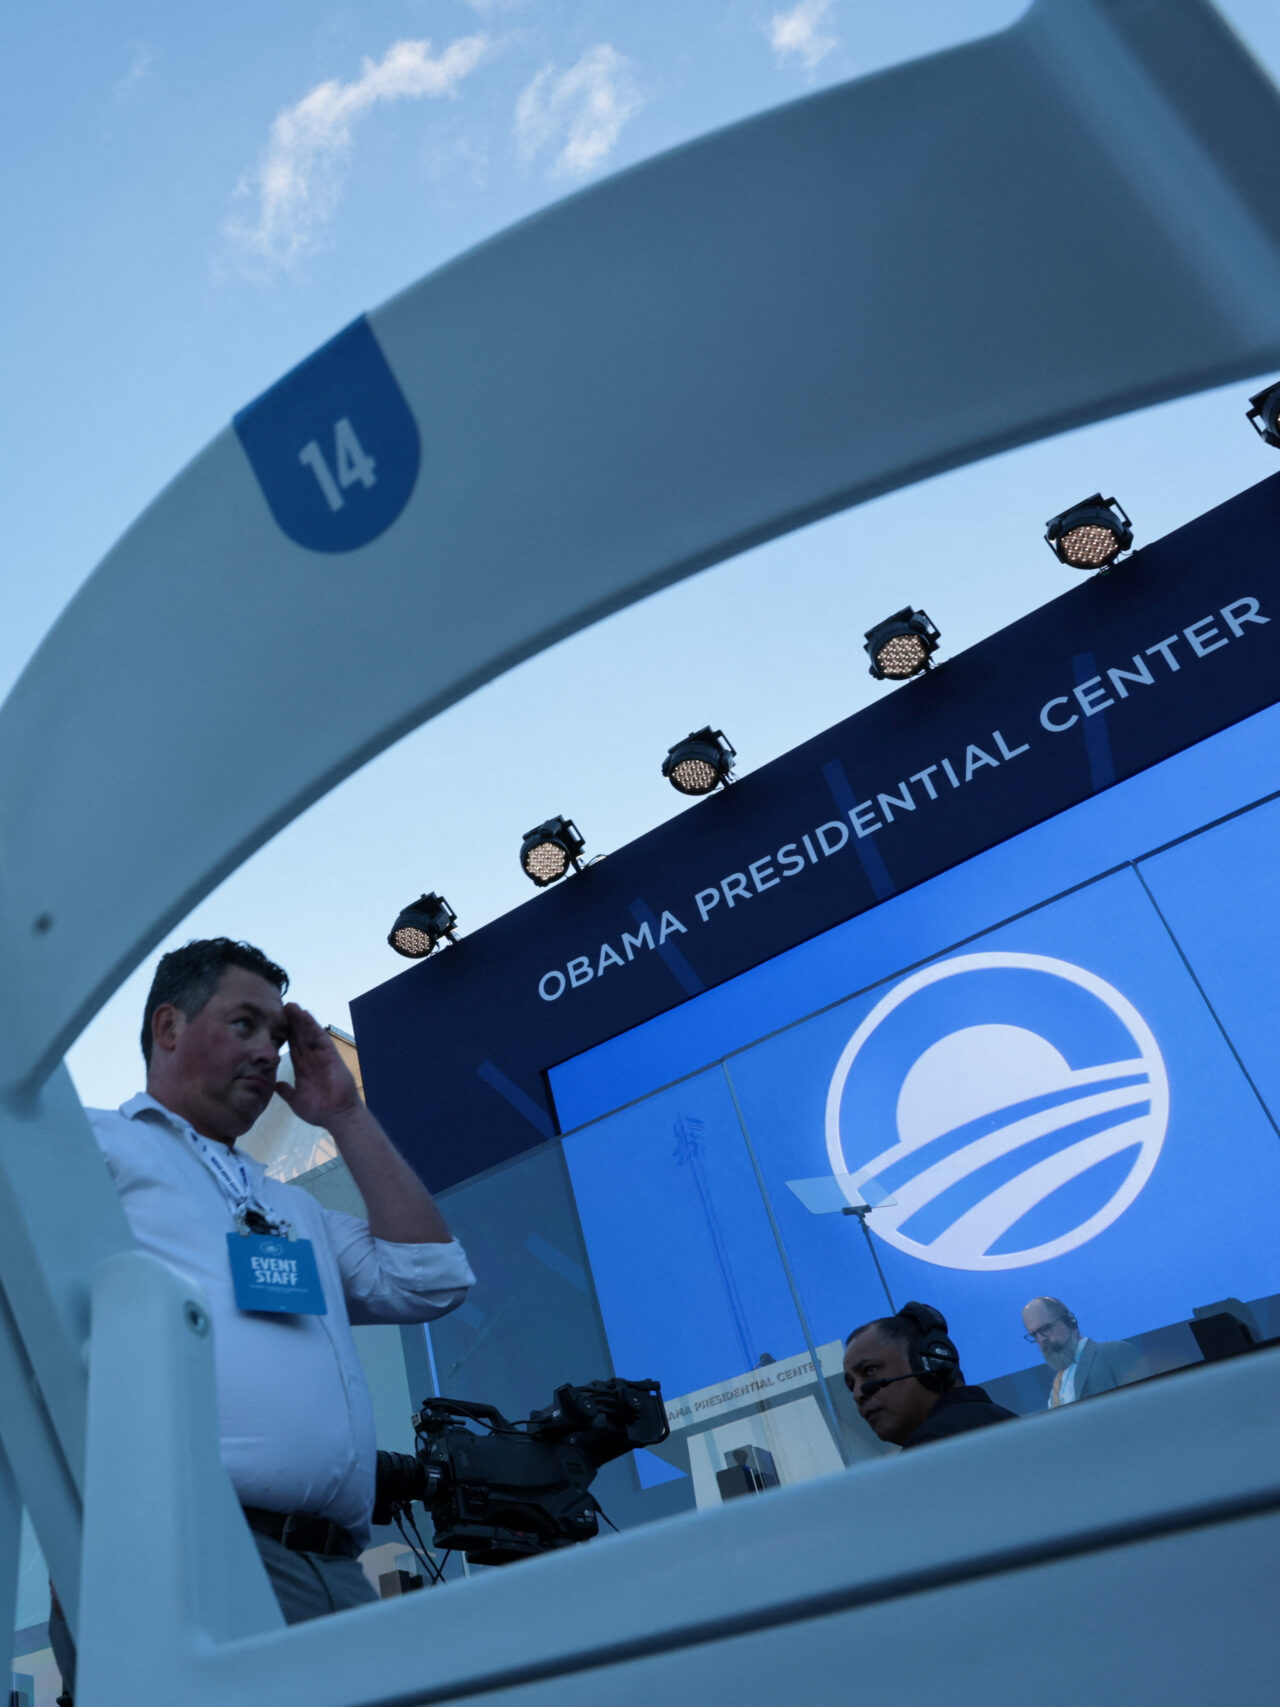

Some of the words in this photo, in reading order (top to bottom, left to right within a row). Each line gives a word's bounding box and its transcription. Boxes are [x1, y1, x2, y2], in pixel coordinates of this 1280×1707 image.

[298, 417, 377, 513] 14
[538, 909, 688, 1001] OBAMA
[694, 730, 1030, 922] PRESIDENTIAL
[1039, 596, 1270, 734] CENTER
[250, 1256, 297, 1273] EVENT
[255, 1270, 298, 1286] STAFF
[667, 1405, 693, 1421] AMA
[694, 1377, 776, 1412] PRESIDENTIAL
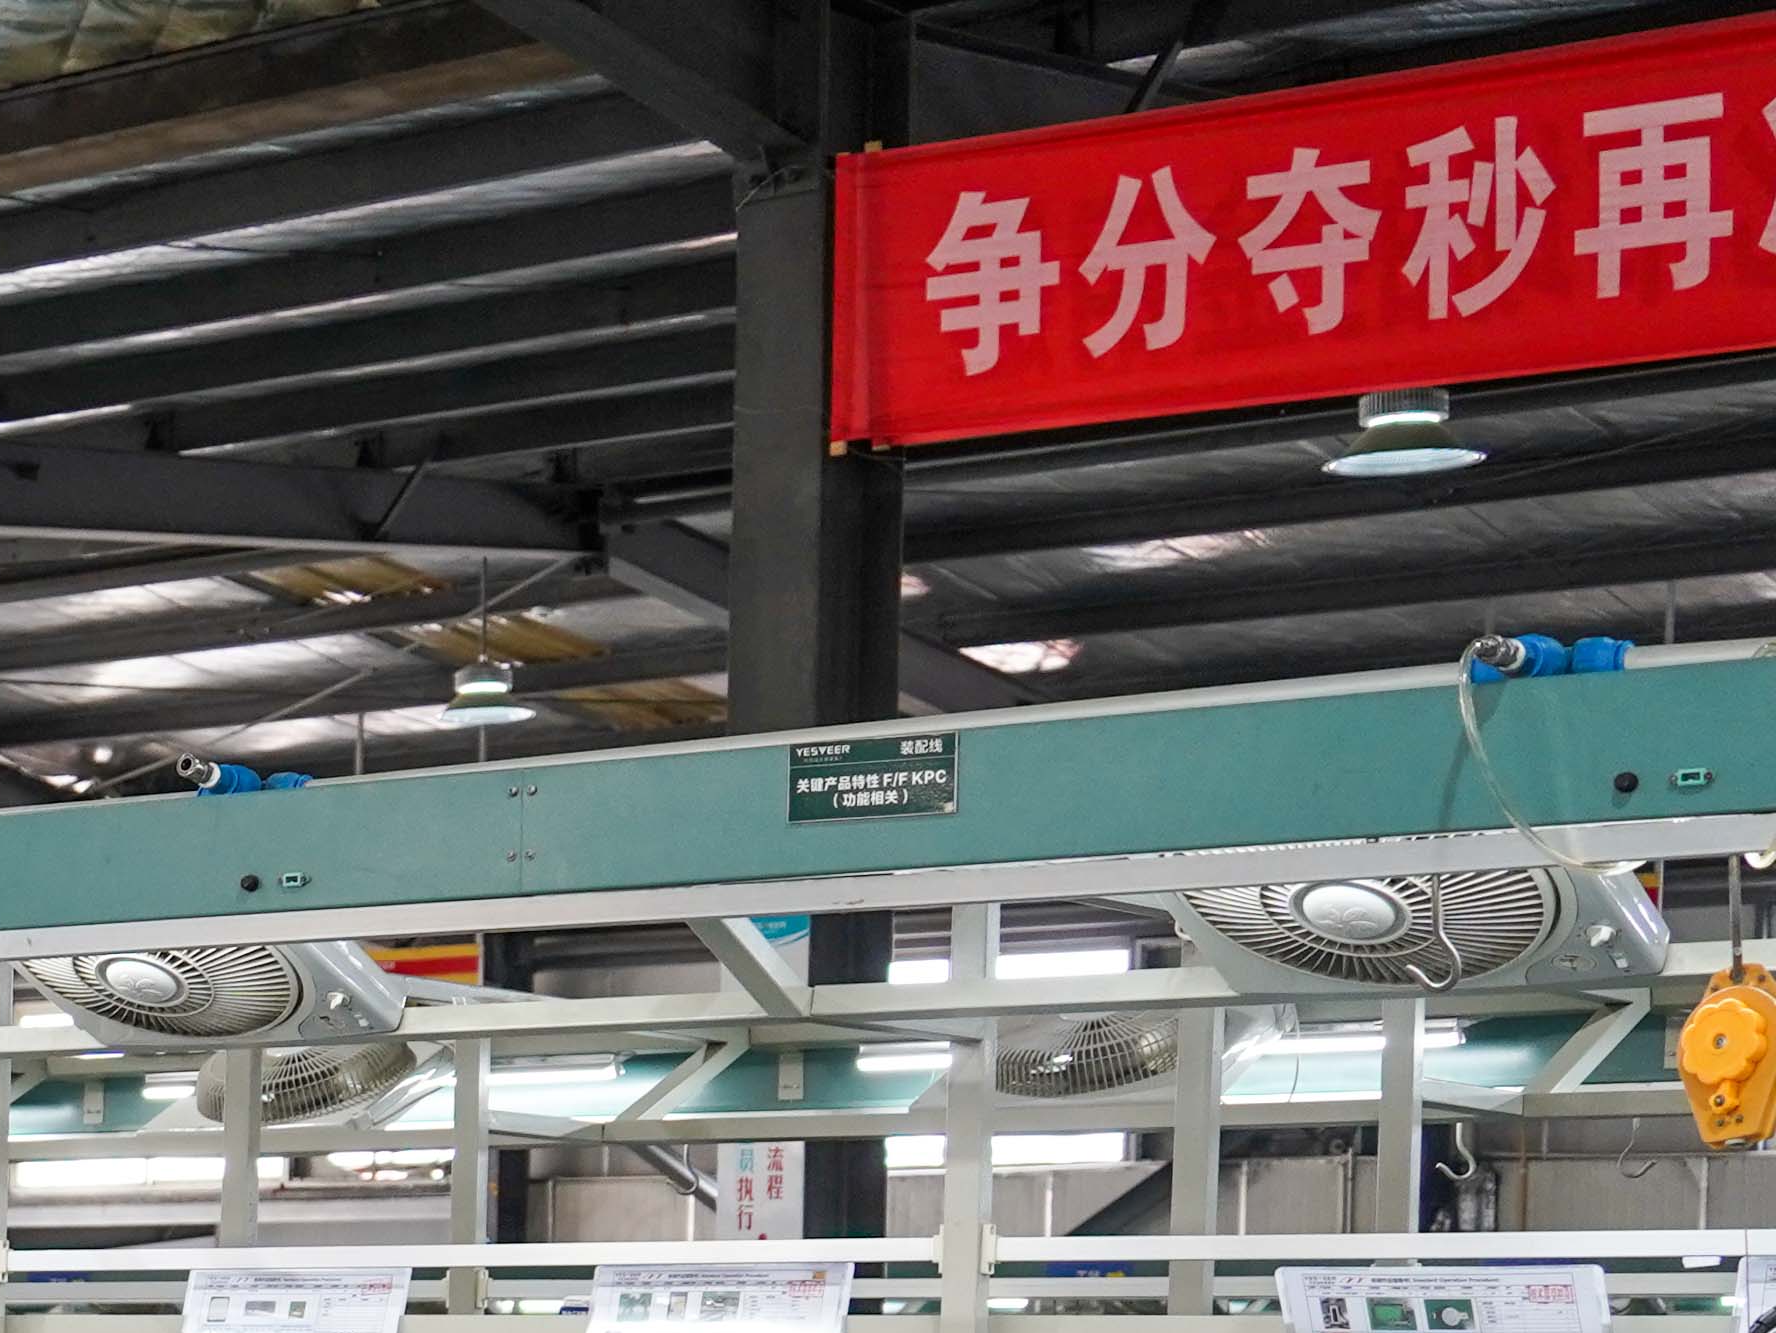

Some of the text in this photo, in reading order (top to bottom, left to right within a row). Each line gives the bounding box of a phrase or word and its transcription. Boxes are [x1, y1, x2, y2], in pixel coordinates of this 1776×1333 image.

[925, 92, 1776, 377] 争分夺秒再
[795, 744, 851, 758] YESVEER
[900, 738, 943, 755] 装配线
[797, 769, 947, 794] 关键产品特性 F/F KPC

- **Task to carry out**
Restate, word for word, the final stretch of the entries above: the line containing "Some of the text" and every line after it, up to and including the last.

- **Written response**
Some of the text in this photo, in reading order (top to bottom, left to right within a row). Each line gives the bounding box of a phrase or word and its transcription. Boxes are [x1, y1, x2, y2], in pixel coordinates of this 1776×1333 image.

[925, 92, 1776, 377] 争分夺秒再
[795, 744, 851, 758] YESVEER
[900, 738, 943, 755] 装配线
[797, 769, 947, 794] 关键产品特性 F/F KPC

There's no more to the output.